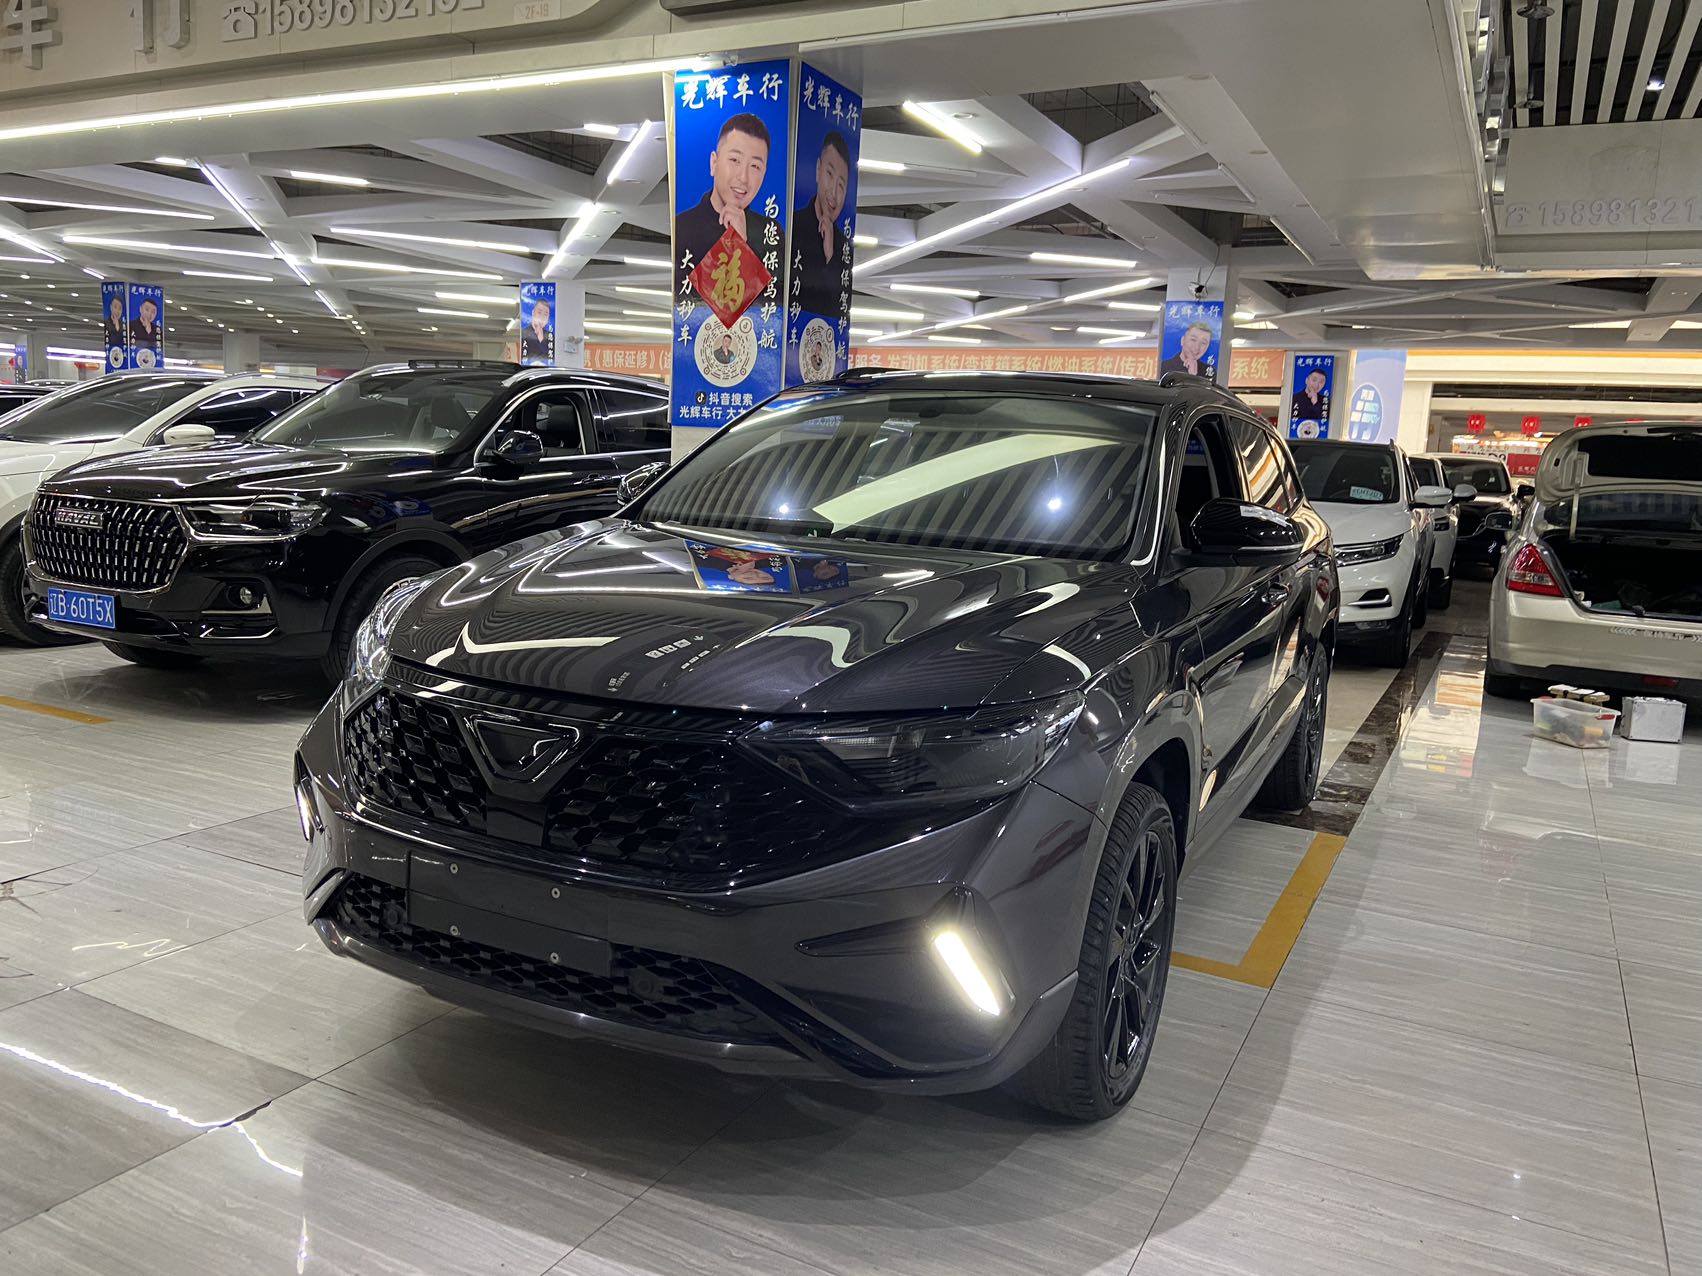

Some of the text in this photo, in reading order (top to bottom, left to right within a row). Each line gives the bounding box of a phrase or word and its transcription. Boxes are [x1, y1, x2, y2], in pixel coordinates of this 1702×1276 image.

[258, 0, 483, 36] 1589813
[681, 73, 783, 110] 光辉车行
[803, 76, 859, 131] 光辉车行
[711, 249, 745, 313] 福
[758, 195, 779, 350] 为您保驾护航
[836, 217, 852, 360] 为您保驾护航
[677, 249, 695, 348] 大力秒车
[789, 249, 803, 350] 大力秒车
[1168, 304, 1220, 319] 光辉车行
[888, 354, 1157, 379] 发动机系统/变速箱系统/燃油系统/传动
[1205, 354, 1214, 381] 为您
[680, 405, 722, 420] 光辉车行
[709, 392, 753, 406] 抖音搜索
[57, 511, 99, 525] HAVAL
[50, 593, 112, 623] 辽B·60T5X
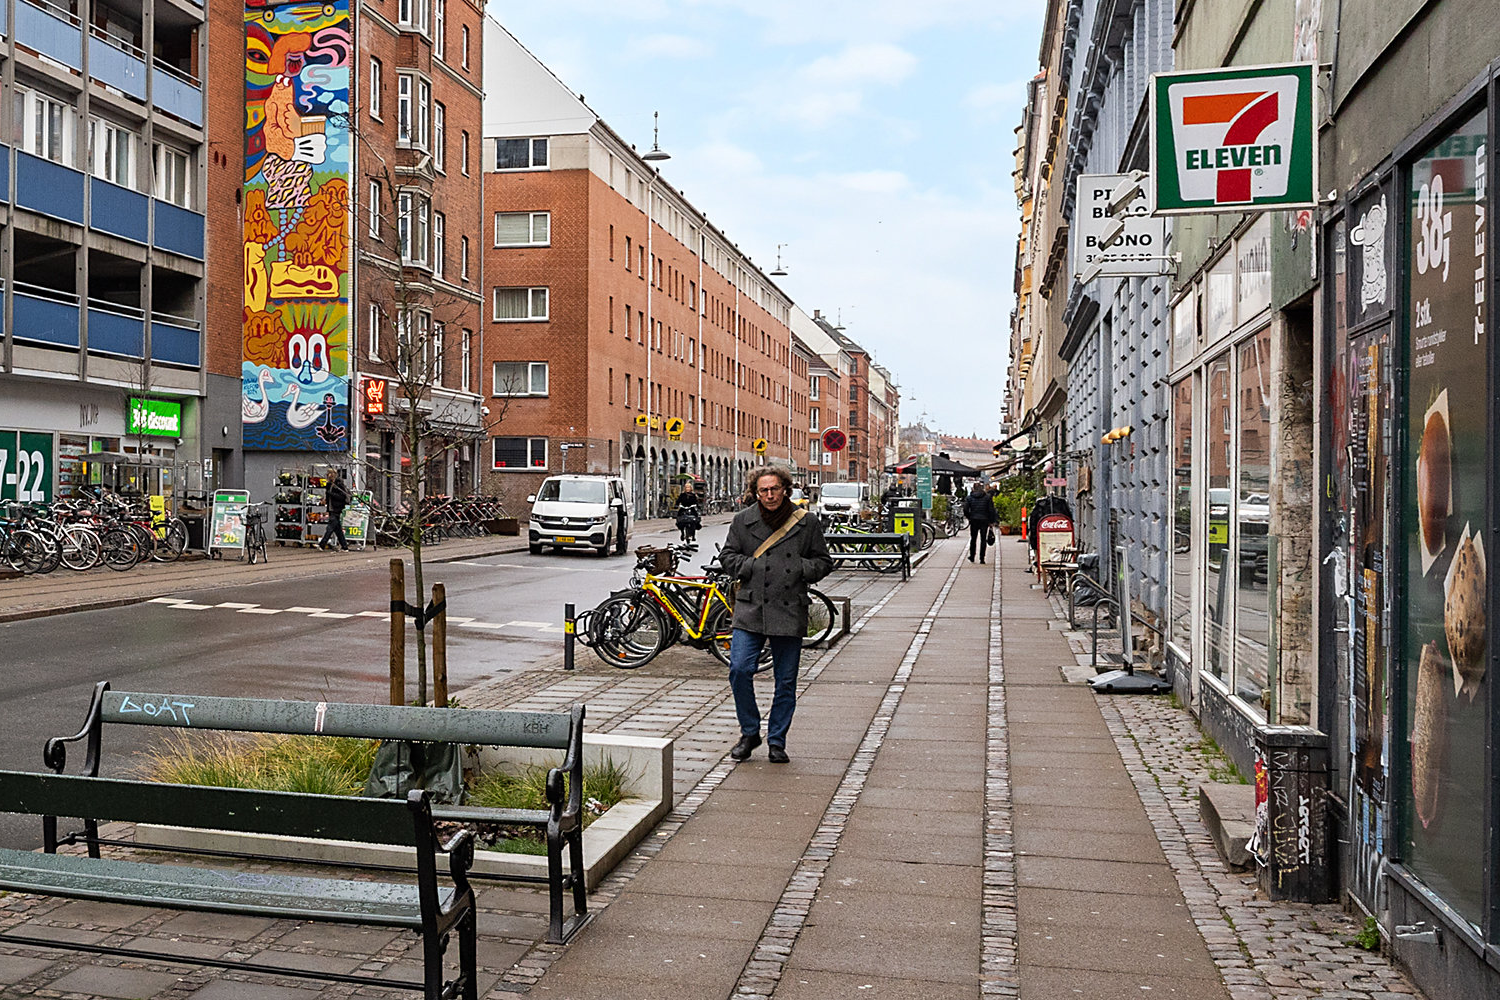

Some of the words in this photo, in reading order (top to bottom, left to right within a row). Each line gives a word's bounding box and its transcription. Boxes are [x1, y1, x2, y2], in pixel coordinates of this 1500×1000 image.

__________________________________________________

Work to complete> Recreate the listing above word for word, dropping each picture it contains.

Task solution>
Some of the text in this photo, in reading order (top to bottom, left to right within a row). Each line gives the bounding box of a phrase or word and its transcription. Boxes are [x1, y1, x2, y2], in pixel coordinates of this 1702×1276 image.

[258, 0, 483, 36] 1589813
[681, 73, 783, 110] 光辉车行
[803, 76, 859, 131] 光辉车行
[711, 249, 745, 313] 福
[758, 195, 779, 350] 为您保驾护航
[836, 217, 852, 360] 为您保驾护航
[677, 249, 695, 348] 大力秒车
[789, 249, 803, 350] 大力秒车
[1168, 304, 1220, 319] 光辉车行
[888, 354, 1157, 379] 发动机系统/变速箱系统/燃油系统/传动
[1205, 354, 1214, 381] 为您
[680, 405, 722, 420] 光辉车行
[709, 392, 753, 406] 抖音搜索
[57, 511, 99, 525] HAVAL
[50, 593, 112, 623] 辽B·60T5X

Some of the words in this photo, in reading order (top to bottom, left to right within a row). Each line gives a word's bounding box and its transcription. Boxes are [x1, y1, x2, y2], in pixel coordinates of this 1500×1000 image.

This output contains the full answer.